— Work task —
The records that follow are to be given again exactly. Do not carry over any image.

Extracted entries section start

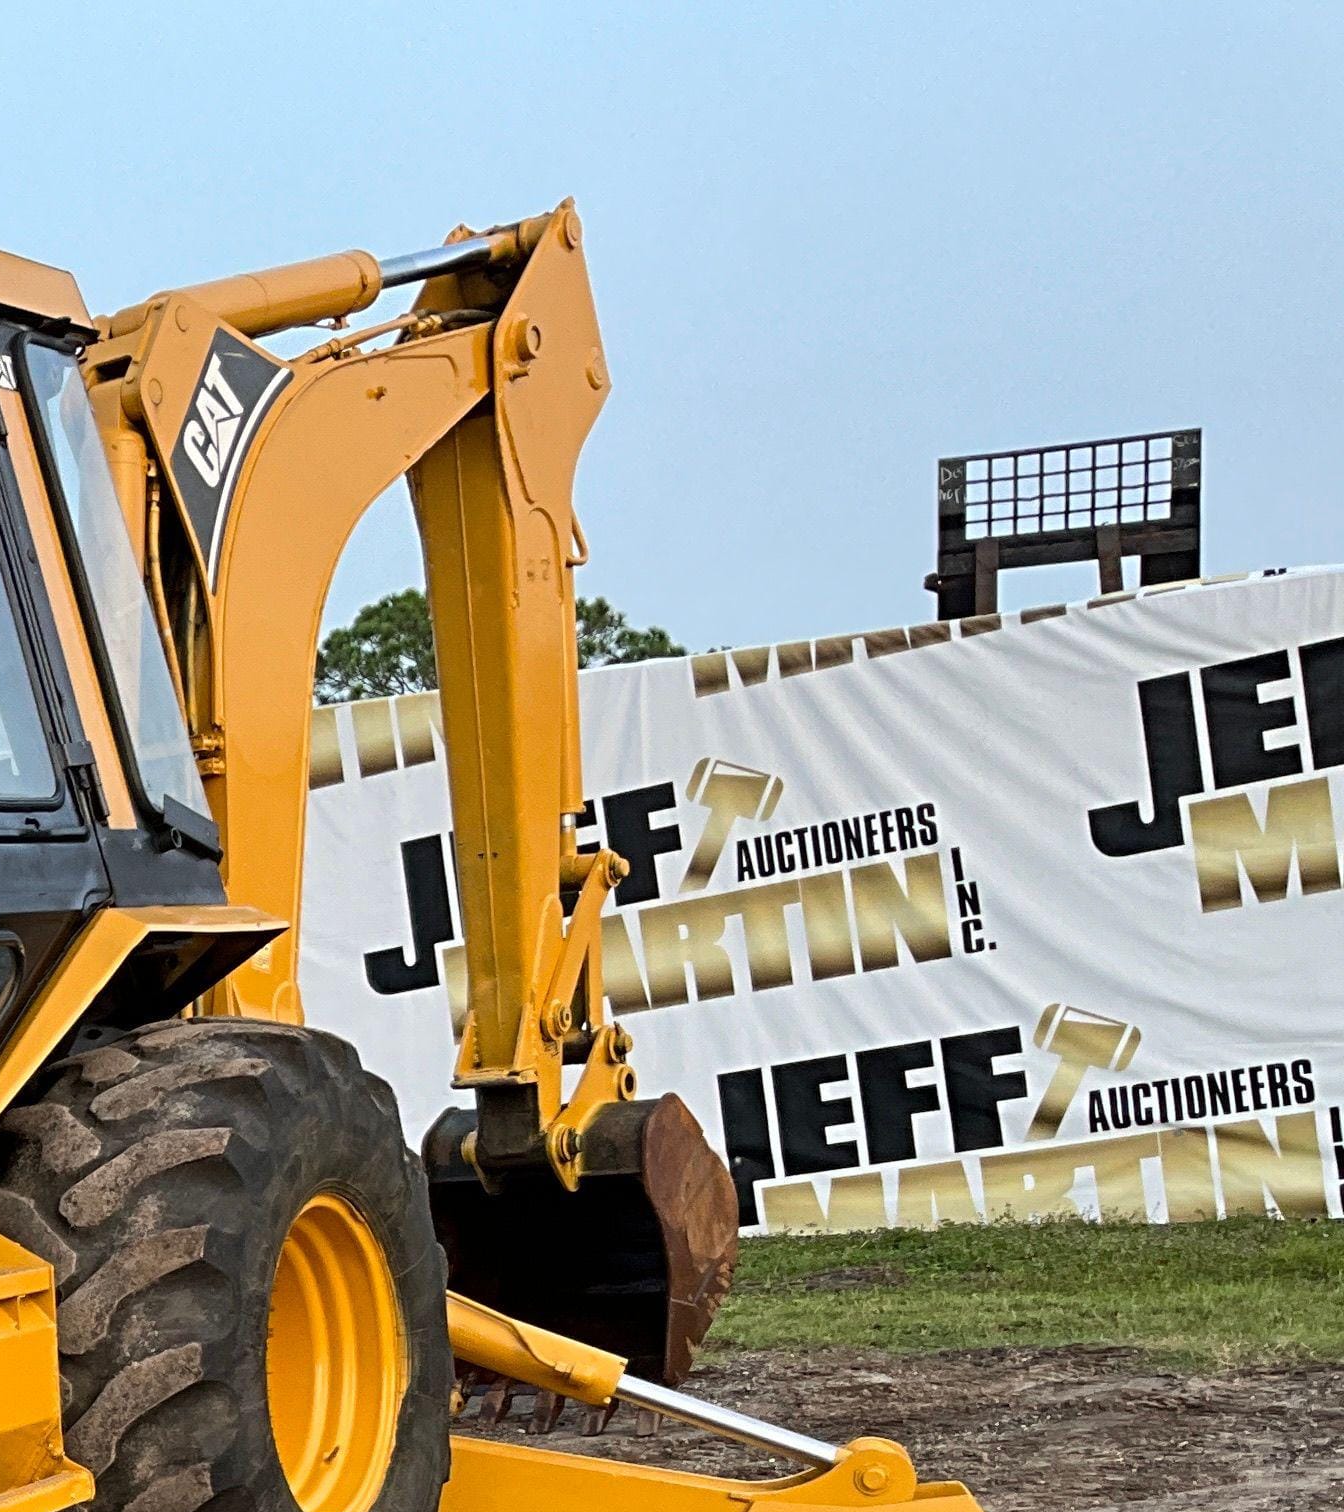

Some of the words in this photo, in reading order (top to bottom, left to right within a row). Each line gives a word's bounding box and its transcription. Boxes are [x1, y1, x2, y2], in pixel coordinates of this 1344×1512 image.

[183, 352, 244, 488] CAT
[735, 803, 939, 882] AUCTIONEERS
[717, 1025, 1028, 1228] JEFF
[1087, 1058, 1315, 1133] AUCTIONEERS

Extracted entries section end

— Answer to this task —
Some of the words in this photo, in reading order (top to bottom, left to right within a row). Each line gives a word's bounding box and its transcription. Boxes are [x1, y1, x2, y2], in pixel coordinates of this 1344×1512 image.

[183, 352, 244, 488] CAT
[735, 803, 939, 882] AUCTIONEERS
[717, 1025, 1028, 1228] JEFF
[1087, 1058, 1315, 1133] AUCTIONEERS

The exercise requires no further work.